We live in a society almost perfectly suited for contagions of hysteria and overreaction, David Brooks argues:
In the first place, we’re living in a segmented society. Over the past few decades we’ve seen a pervasive increase in the gaps between different social classes. People are much less likely to marry across social class, or to join a club and befriend people across social class.
That means there are many more people who feel completely alienated from the leadership class of this country, whether it’s the political, cultural or scientific leadership. They don’t know people in authority. They perceive a vast status gap between themselves and people in authority. They may harbor feelings of intellectual inferiority toward people in authority. It becomes easy to wave away the whole lot of them, and that distrust isolates them further. “What loneliness is more lonely than distrust,” George Eliot writes in “Middlemarch.”
So you get the rise of the anti-vaccine parents, who simply distrust the cloud of experts telling them that vaccines are safe for their children. You get the rise of the anti-science folks, who distrust the realm of far-off studies and prefer anecdotes from friends to data about populations. You get more and more people who simply do not believe what the establishment is telling them about the Ebola virus, especially since the establishment doesn’t seem particularly competent anyway.
Second, you’ve got a large group of people who are bone-deep suspicious of globalization, what it does to their jobs and their communities. Along comes Ebola, which is the perfect biological embodiment of what many fear about globalization. It is a dark insidious force from a mysterious place far away that seems to be able to spread uncontrollably and get into the intimate spheres of life back home.

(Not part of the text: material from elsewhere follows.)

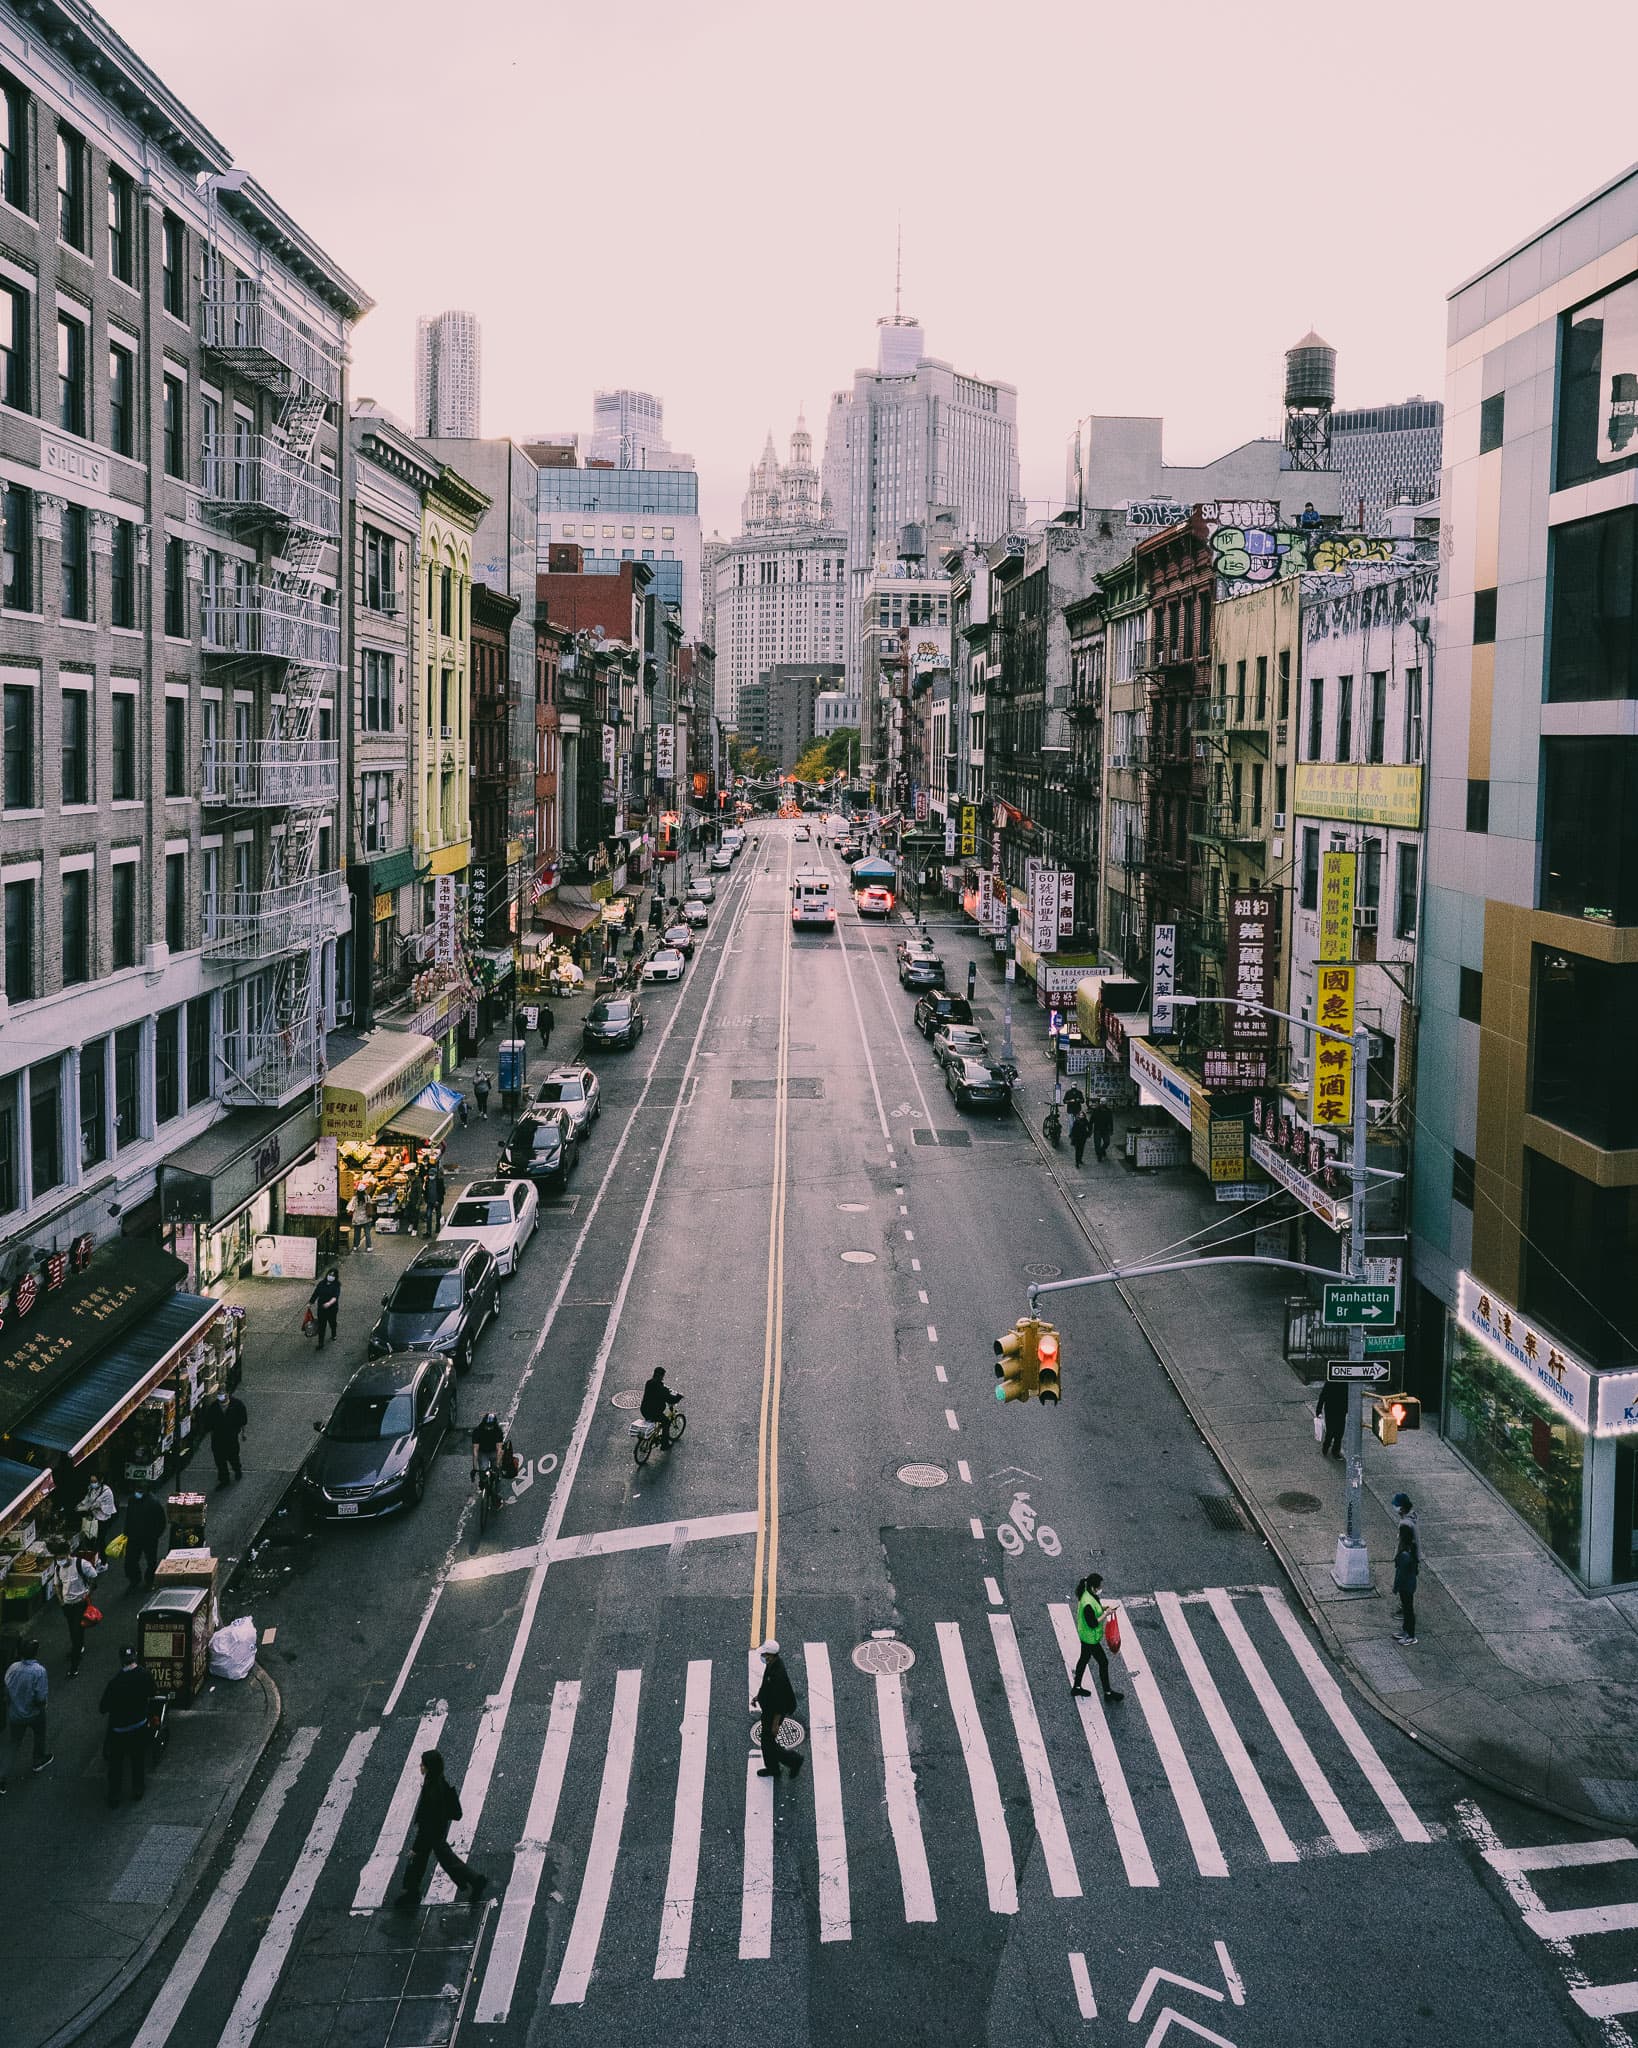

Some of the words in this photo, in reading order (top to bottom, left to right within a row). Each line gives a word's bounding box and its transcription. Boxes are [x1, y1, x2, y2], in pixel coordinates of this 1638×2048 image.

Third, you’ve got the culture of instant news. It’s a weird phenomenon of the media age that, except in extreme circumstances, it is a lot scarier to follow an event on TV than it is to actually be there covering it. When you’re watching on TV, you only see the death and mayhem. But when you’re actually there, you see the broader context of everyday life going on alongside. Studies of the Boston Marathon bombing found that people who consumed a lot of news media during the first week suffered more stress than people who were actually there.
Fourth, you’ve got our culture’s tendency to distance itself from death.
Hysteria, that’s when normal media discipline breaks down in a pell-mell chase after ratings.
David Brooks is side-stepping most of the reasons for that. He can start looking at the newspaper he writes for.